Did I speak of folly? Listen, and I will tell you quite another tale.
Perhaps when you have heard it you will not be too hasty to run and teach The Poor. Perhaps you will admit that The Poor may have something to teach you.
Before we had been two years in America, my sister Frieda was engaged to be married. This was under the old dispensation: Frieda came to America too late to avail herself of the gifts of an American girlhood. Had she been two years younger she might have dodged her circ.u.mstances, evaded her Old-World fate. She would have gone to school and imbibed American ideas. She might have clung to her girlhood longer instead of marrying at seventeen. I am so fond of the American way that it has always seemed to me a pitiful accident that my sister should have come so near and missed by so little the fulfilment of my country's promise to women. A long girlhood, a free choice in marriage, and a brimful womanhood are the precious rights of an American woman.
My father was too recently from the Old World to be entirely free from the influence of its social traditions. He had put Frieda to work out of necessity. The necessity was hardly lifted when she had an offer of marriage, but my father would not stand in the way of what he considered her welfare. Let her escape from the workshop, if she had a chance, while the roses were still in her cheeks. If she remained for ten years more bent over the needle, what would she gain? Not even her personal comfort; for Frieda never called her earnings her own, but spent everything on the family, denying herself all but necessities. The young man who sued for her was a good workman, earning fair wages, of irreproachable character, and refined manners.
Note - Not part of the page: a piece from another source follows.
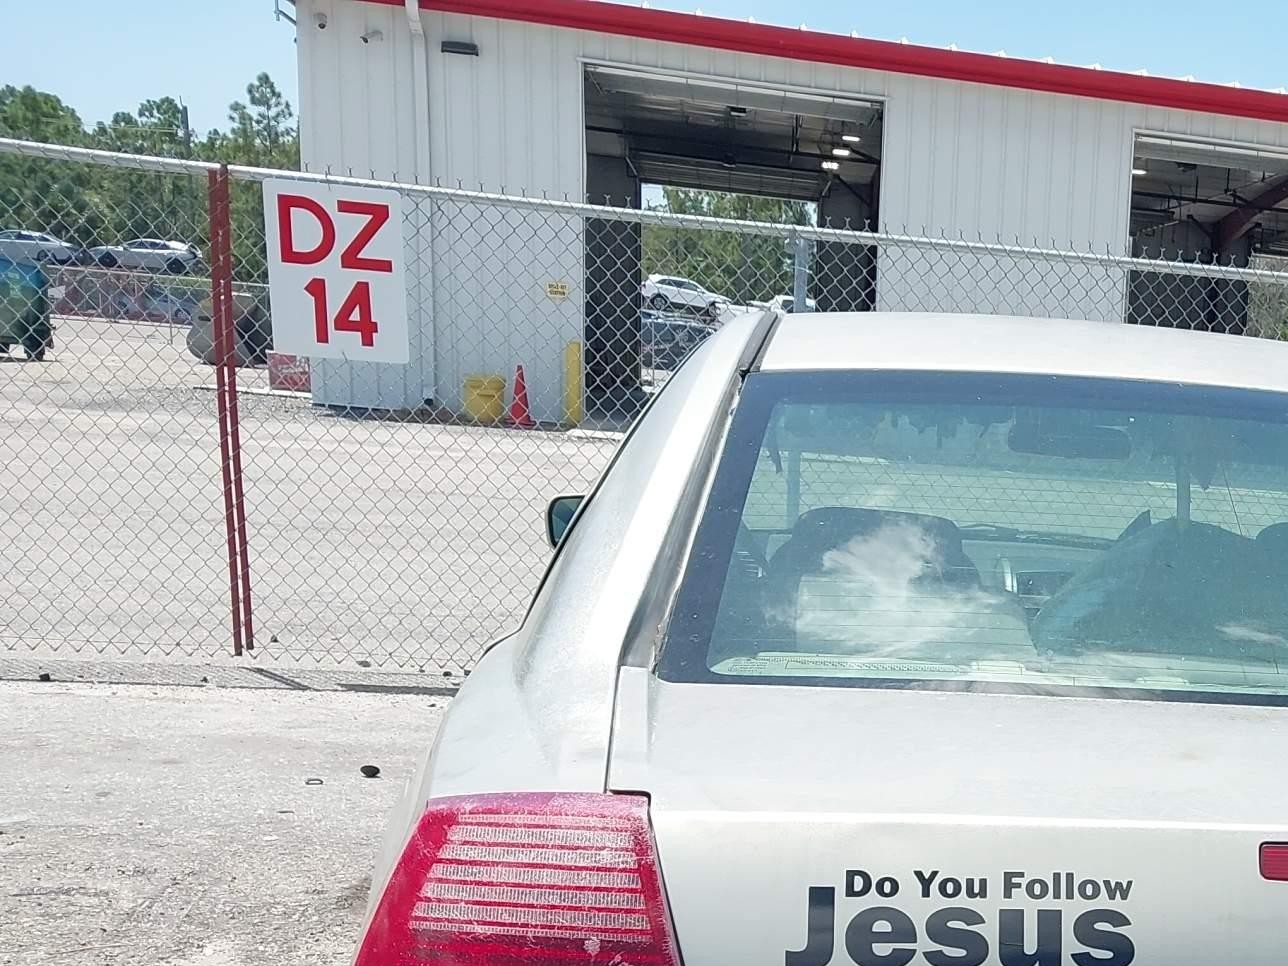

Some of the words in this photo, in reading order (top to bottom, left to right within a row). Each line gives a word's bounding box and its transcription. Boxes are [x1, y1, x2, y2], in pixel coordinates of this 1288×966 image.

My father had known him for years.
So Frieda was to be released from the workshop. The act was really in the nature of a sacrifice on my father's part, for he was still in the woods financially, and would sorely miss Frieda's wages. The greater the pity, therefore, that there was no one to counsel him to give America more time with my sister. She attended the night school; she was fond of reading. In books, in a slowly ripening experience, she might have found a better answer to the riddle of a girl's life than a premature marriage.
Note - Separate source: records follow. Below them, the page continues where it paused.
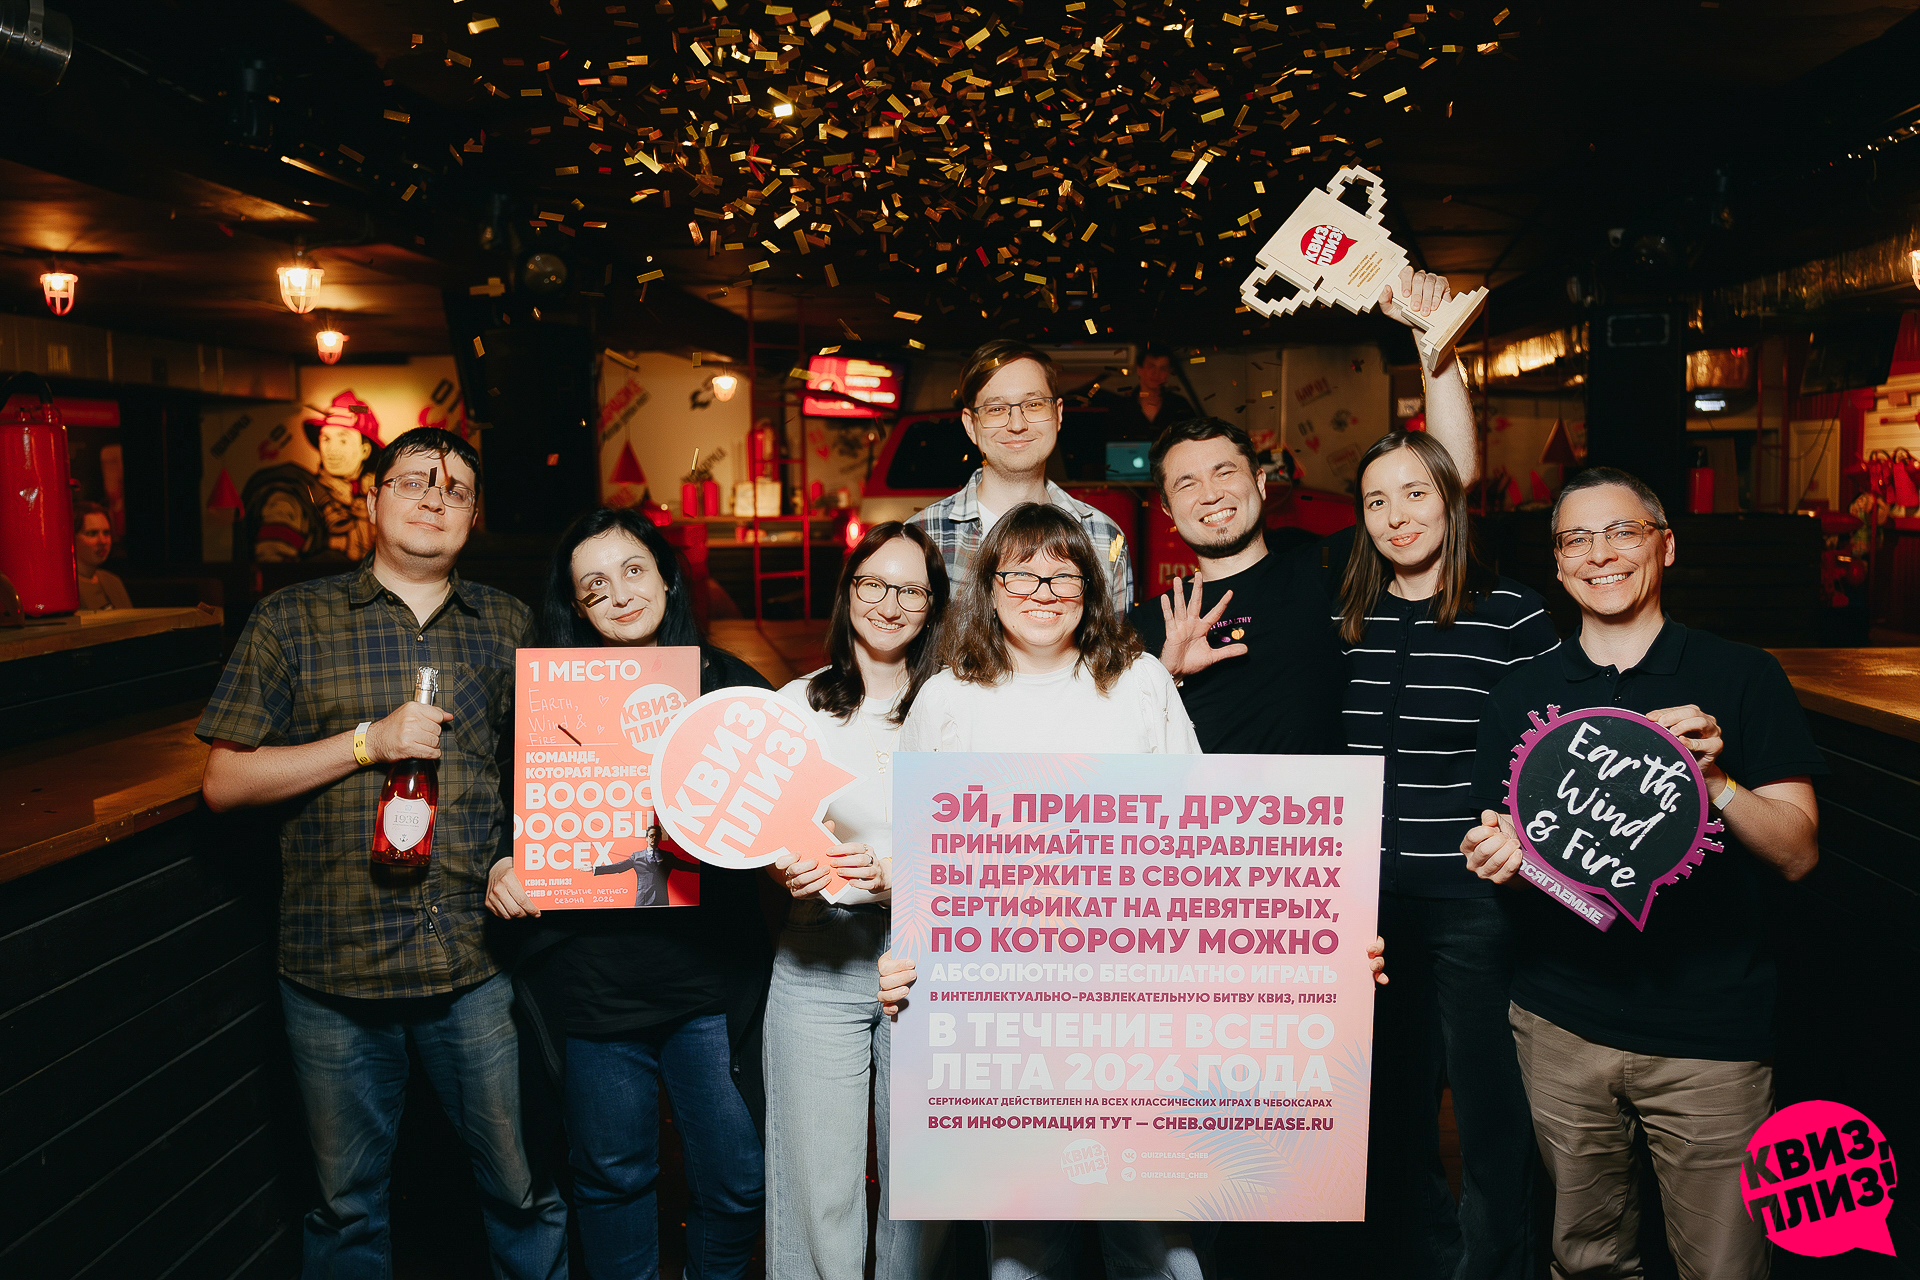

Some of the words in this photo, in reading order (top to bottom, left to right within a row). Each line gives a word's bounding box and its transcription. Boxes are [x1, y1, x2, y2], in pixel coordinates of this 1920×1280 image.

[1317, 226, 1345, 266] ПЛИЗ!
[529, 661, 539, 682] 1
[548, 660, 641, 681] МЕСТО
[624, 714, 678, 744] ПЛИ
[525, 751, 600, 764] КОМАНДЕ,
[667, 700, 780, 836] КВИЗ,
[1568, 722, 1691, 813] Earth,
[525, 767, 591, 779] КОТОРАЯ
[705, 711, 816, 859] ПЛИЗ!
[394, 815, 419, 824] 1936
[932, 785, 1001, 828] ЭЙ,
[1013, 794, 1169, 829] ПРИВЕТ,
[1179, 795, 1344, 829] ДРУЗЬЯ!
[1557, 769, 1665, 850] Wind
[524, 842, 615, 871] ВСЕХ
[931, 829, 1114, 854] ПРИНИМАЙТЕ
[1121, 835, 1343, 858] ПОЗДРАВЛЕНИЯ:
[1526, 810, 1560, 842] &
[1562, 828, 1636, 888] Fire
[525, 878, 547, 887] КВИЗ,
[549, 878, 572, 886] ПЛИЗ!
[931, 864, 972, 885] ВЫ
[980, 865, 1112, 888] ДЕРЖИТЕ
[1119, 866, 1136, 885] В
[1142, 866, 1241, 887] СВОИХ
[1249, 867, 1341, 887] РУКАХ
[931, 896, 1117, 917] СЕРТИФИКАТ
[1124, 897, 1161, 917] НА
[1167, 898, 1339, 922] ДЕВЯТЕРЫХ,
[932, 927, 982, 952] ПО
[991, 927, 1190, 953] КОТОРОМУ
[1199, 928, 1339, 954] МОЖНО
[930, 963, 1094, 982] АБСОЛЮТНО
[1100, 964, 1245, 983] БЕСПЛАТНО
[1251, 965, 1338, 983] ИГРАТЬ
[930, 992, 938, 1001] В
[1213, 992, 1254, 1003] БИТВУ
[1258, 993, 1295, 1005] КВИЗ,
[1298, 993, 1337, 1003] ПЛИЗ!
[929, 1012, 957, 1046] В
[967, 1012, 1173, 1048] ТЕЧЕНИЕ
[1185, 1013, 1335, 1049] ВСЕГО
[928, 1053, 1054, 1090] ЛЕТА
[1064, 1052, 1185, 1092] 2026
[1197, 1054, 1333, 1098] ГОДА
[928, 1097, 999, 1106] СЕРТИФИКАТ
[1001, 1096, 1082, 1107] ДЕЙСТВИТЕЛЕН
[1085, 1097, 1099, 1106] НА
[1101, 1097, 1128, 1106] ВСЕХ
[1131, 1098, 1216, 1107] КЛАССИЧЕСКИХ
[1219, 1098, 1250, 1107] ИГРАХ
[1254, 1099, 1261, 1107] В
[1263, 1099, 1332, 1107] ЧЕБОКСАРАХ
[928, 1116, 963, 1129] ВСЯ
[967, 1115, 1096, 1131] ИНФОРМАЦИЯ
[1100, 1117, 1132, 1129] ТУТ
[1153, 1117, 1334, 1131] CHEB.QUIZPLEASE.RU
[1141, 1152, 1209, 1160] QUIZPLEASE_CHEB
[1141, 1172, 1209, 1180] QUIZPLEASE_CHEB
My sister's engagement pleased me very well. Our confidences were not interrupted, and I understood that she was happy. I was very fond of Moses Rifkin myself. He was the nicest young man of my acquaintance, not at all like other workmen. He was very kind to us children, bringing us presents and taking us out for excursions. He had a sense of humor, and he was going to marry our Frieda. How could I help being pleased?
The marriage was not to take place for some time, and in the interval Frieda remained in the shop. She continued to bring home all her wages. If she was going to desert the family, she would not let them feel it sooner than she must.